Пряхин когда-то работал в партийной организации Тракторного завода, потом поехал на учебу в Москву, вернулся в Сталинград незадолго до начала войны, снова стал работать в райкоме, был одно время парторгом ЦК на Тракторном заводе.

Степан Федорович знал Пряхина давно, но встречался с ним мало и сам удивился, почему новость эта, не имевшая к нему прямого отношения, взволновала его.

Он зашел в комнату к Пряхину, который в этот момент надевал плащ, собираясь уходить, и громко сказал:

– Приветствую, товарищ Пряхин, поздравляю с переходом на работу в областной комитет.

Пряхин, большой, неторопливый, широколобый, медленно посмотрел на Степана Федоровича и проговорил:

– Что ж, товарищ Спиридонов, будем встречаться по-прежнему, наверно, чаще даже.

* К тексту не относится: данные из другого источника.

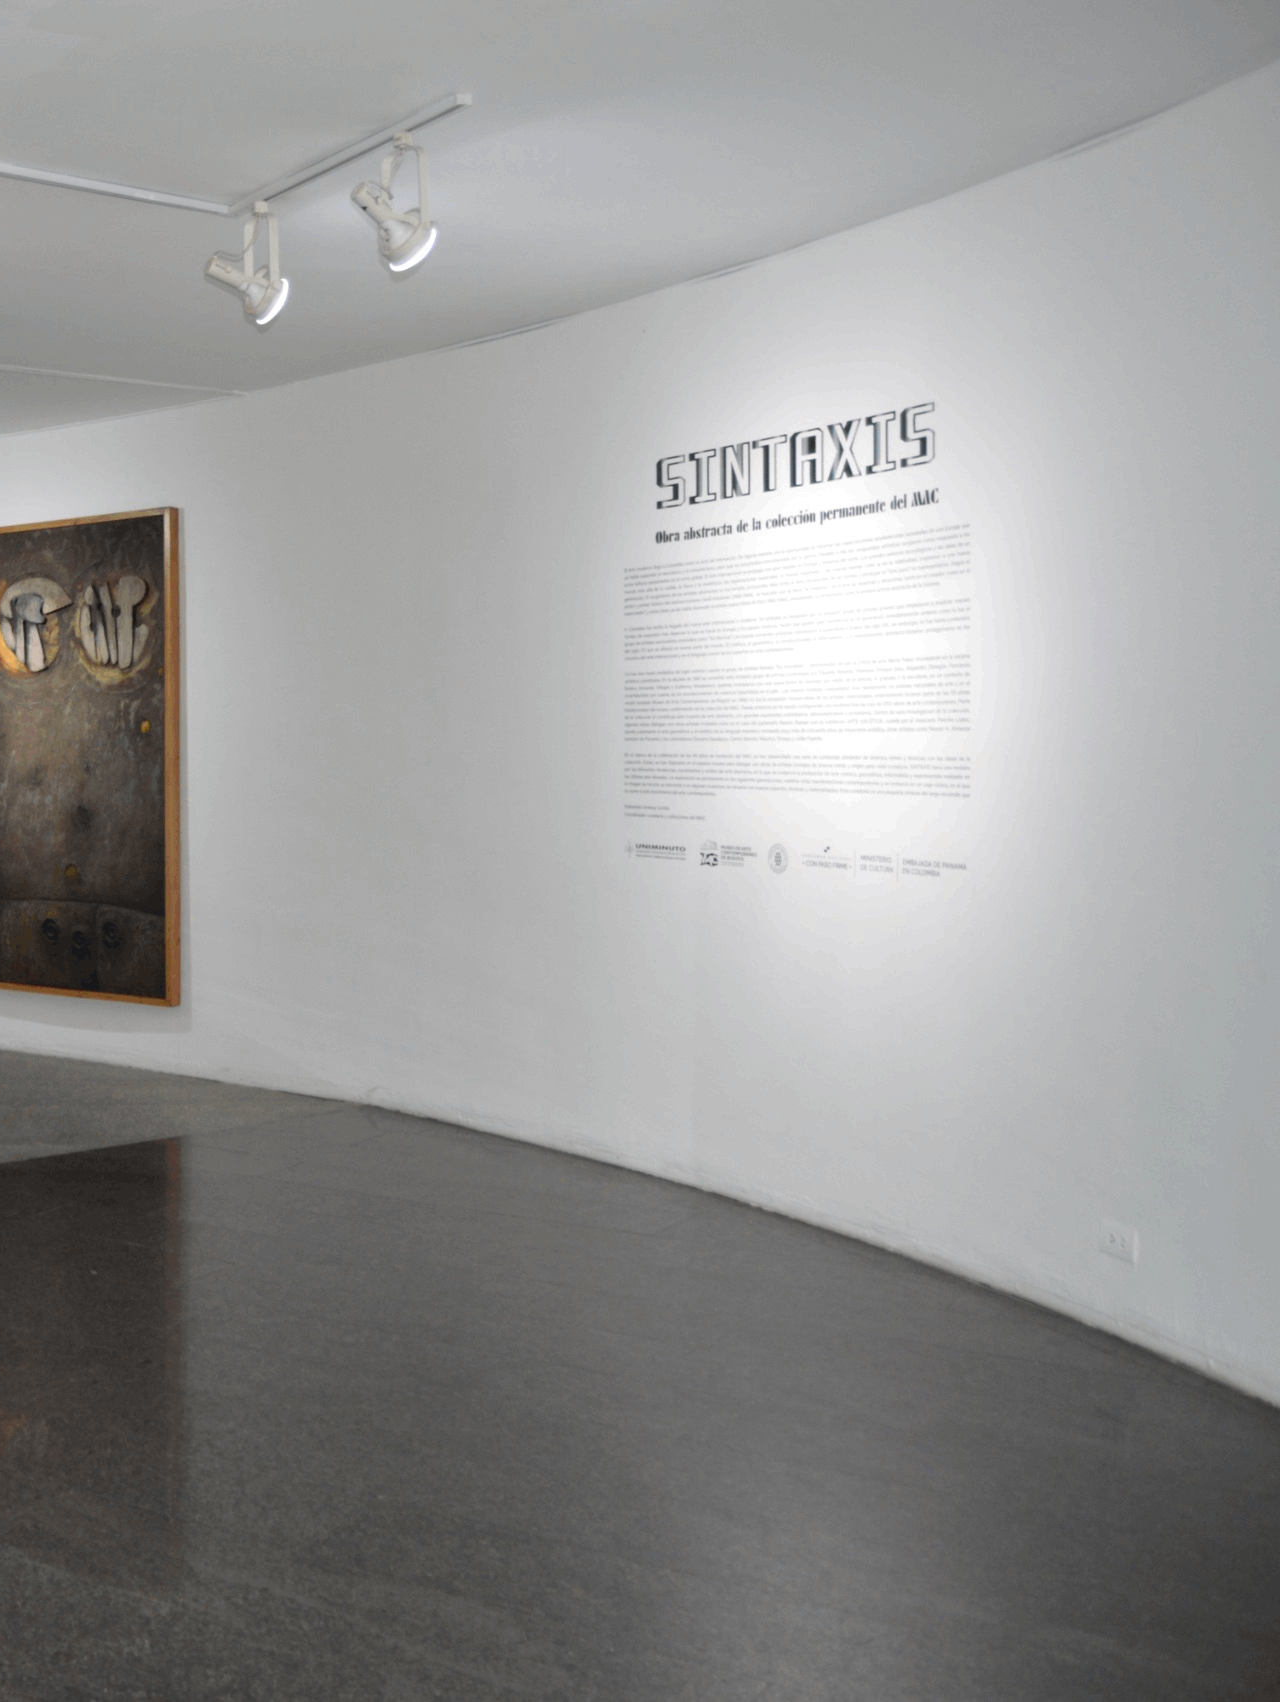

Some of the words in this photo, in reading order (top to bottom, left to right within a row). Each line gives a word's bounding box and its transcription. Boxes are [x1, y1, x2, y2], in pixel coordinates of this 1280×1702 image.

[655, 401, 936, 510] SINTAXIS
[655, 527, 680, 544] Obra
[683, 521, 732, 542] abstracta
[736, 519, 749, 534] de
[752, 516, 762, 532] la
[820, 498, 886, 526] permanente
[890, 492, 907, 511] del
[911, 487, 939, 507] MAC
[635, 843, 686, 852] UNIMINUTO
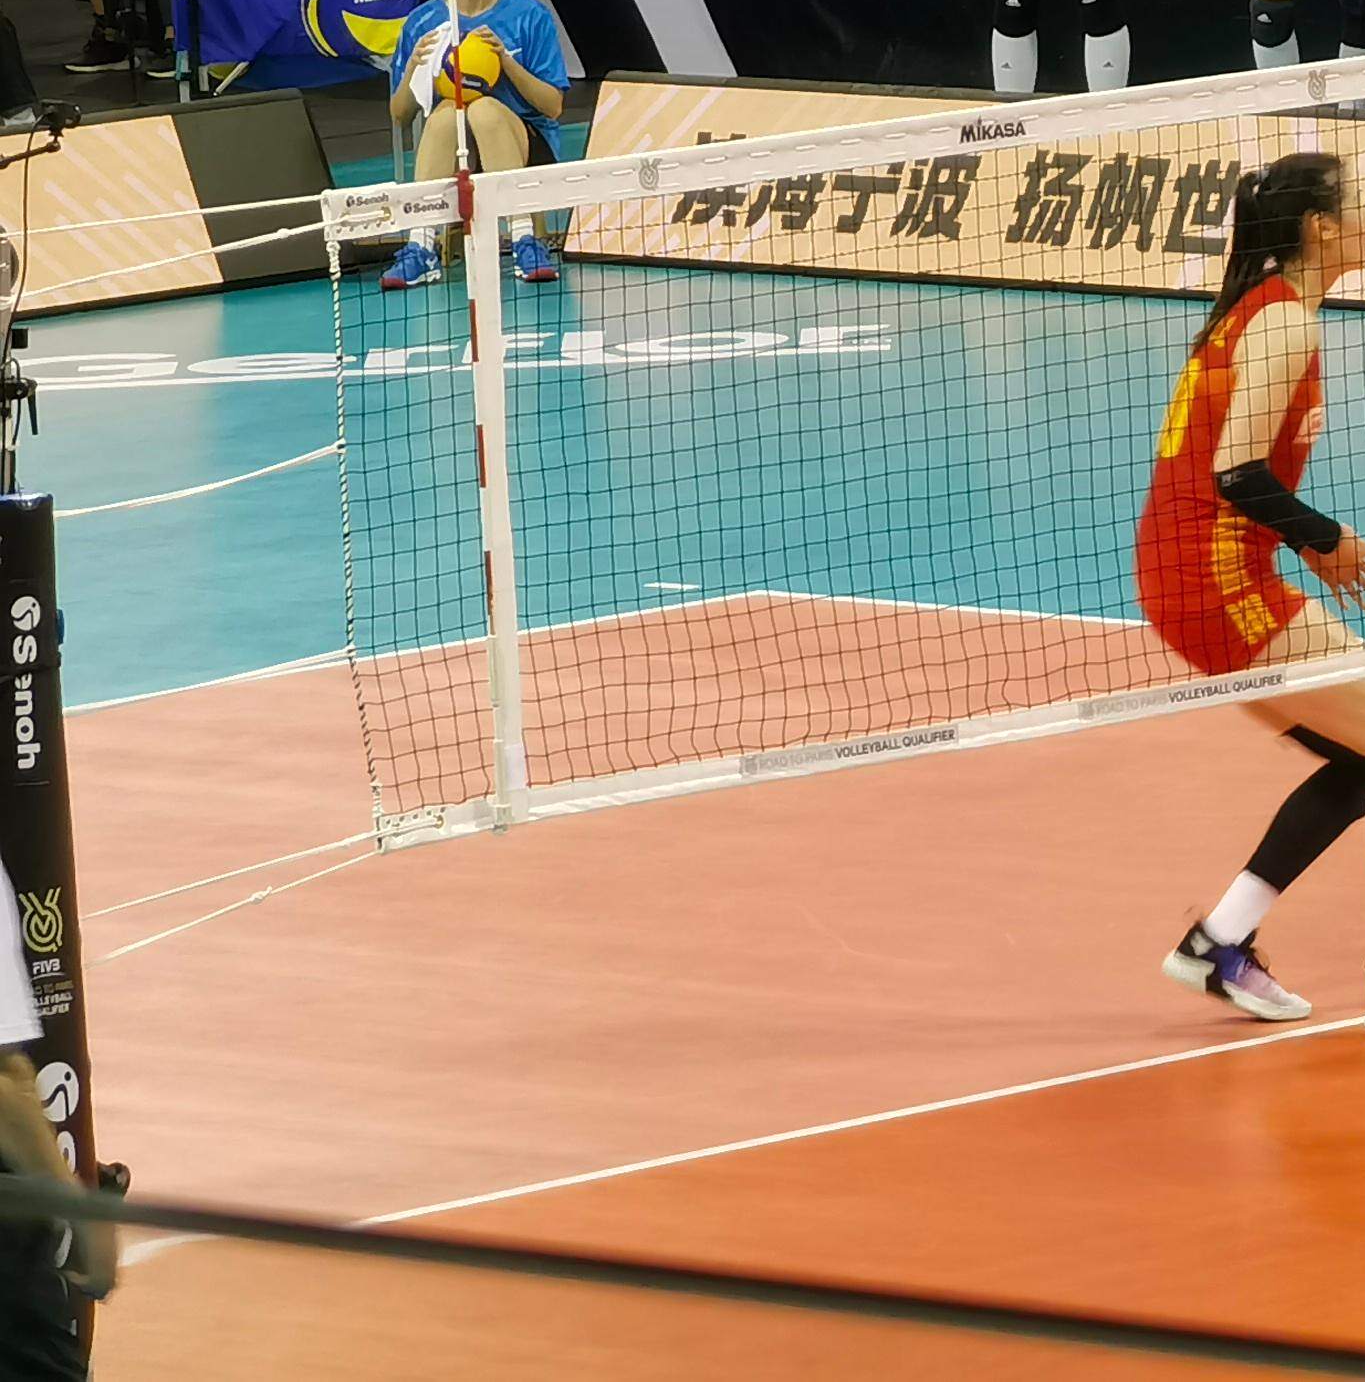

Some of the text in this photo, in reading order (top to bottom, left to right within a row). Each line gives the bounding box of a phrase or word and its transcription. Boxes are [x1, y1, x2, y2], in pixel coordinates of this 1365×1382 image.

[356, 193, 389, 208] Senoh
[413, 201, 450, 214] Senoh
[1005, 149, 1242, 256] 扬帆世
[13, 634, 41, 769] Senoh
[1169, 682, 1231, 704] VOLLEYBALL
[1233, 673, 1283, 693] QUALIFIER
[834, 738, 901, 759] VOLLEYBALL
[902, 729, 956, 748] QUALIFIER
[32, 958, 61, 975] FIVB
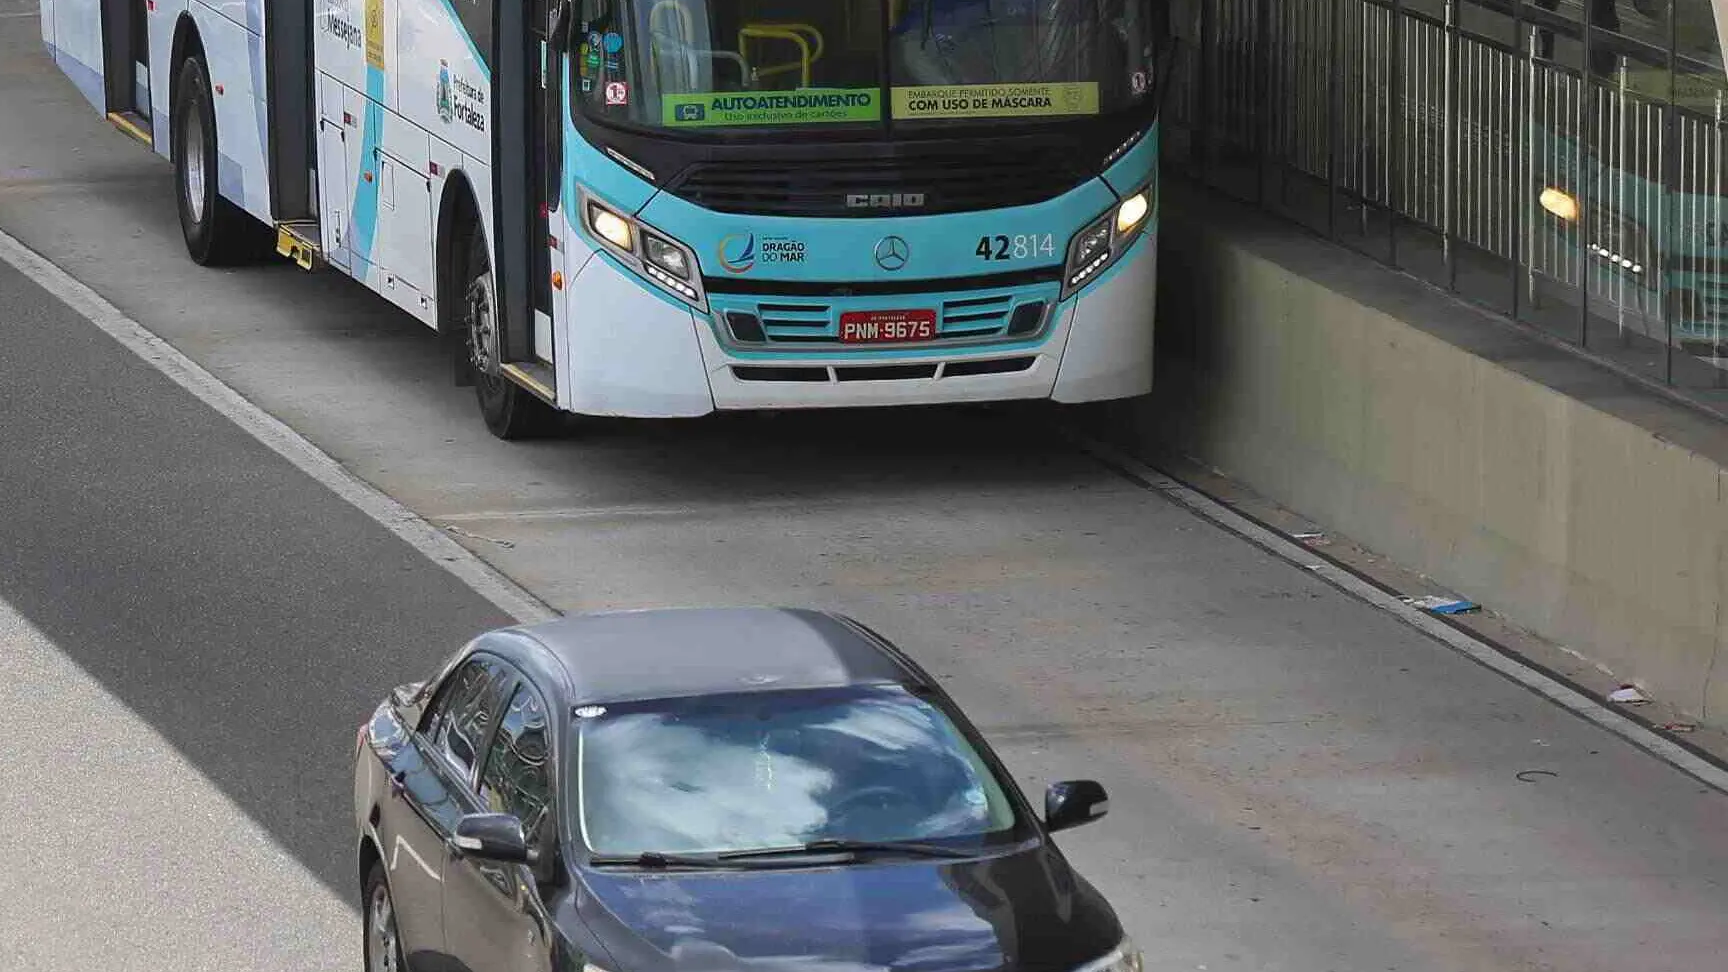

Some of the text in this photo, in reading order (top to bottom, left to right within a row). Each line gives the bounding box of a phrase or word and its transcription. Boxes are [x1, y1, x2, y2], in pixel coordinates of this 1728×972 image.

Они вместе вышли на улицу.

– Давайте подвезу, я сейчас через город еду к себе на Сталгрэс, – сказал Спиридонов.

– Нет, я пойду пешком, – сказал Пряхин.

– Пешком? – удивился Спиридонов. – Это вам часа три ходу.

Пряхин посмотрел на Спиридонова и усмехнулся, промолчал. Спиридонов посмотрел на Пряхина, усмехнулся и тоже промолчал. Он понял, что неразговорчивому, суровому человеку Пряхину захотелось вот в этот военный день пройти по улицам родного города, пройти мимо завода, который при нем строили, пройти мимо садов, которые при нем сажали, мимо школы, в строительстве которой он принимал участие, мимо новых домов, которые при нем заселялись.

Спиридонов стоял у дверей райкома, поджидая отлучившегося водителя машины, поглядывал вслед идущему по дороге Пряхину.

«Теперь он моим начальством в обкоме будет!» – подумал Спиридонов с усмешкой, но усмешка не получилась: он был растроган. Ему вспомнились встречи с Пряхиным. Вспомнилось, как открывали в заводском поселке школу-десятилетку для детей рабочих и служащих. Пряхин, озабоченный, сердитый, нарушающий своим сварливым голосом торжественность обстановки, выговаривал прорабу за то, что тот скверно отциклевал паркет в некоторых школьных комнатах. Вспомнилось, как когда-то, задолго еще до войны, во время пожара в жилом поселке, увидя сквозь сизый дым шагающего Пряхина, Спиридонов подумал с облегчением: «Ну вот, райком здесь, сразу на душе легче». Вспомнилось ему, как не спал он три ночи перед пуском нового цеха и как в самое неожиданное время появлялся в цехе Пряхин – и казалось, ни с кем он особенно не говорил, никого особенно не расспрашивал, а когда обращался к Степану Федоровичу, вопрос его был всегда именно тем вопросом, который особенно тревожил в эту минуту Спиридонова. И теперь, когда в грозные сталинградские дни послали Пряхина на работу в обком, Спиридонов ощутил такое же чувство, как во время пожара: «Ну вот, и райком здесь, на душе верней, спокойней».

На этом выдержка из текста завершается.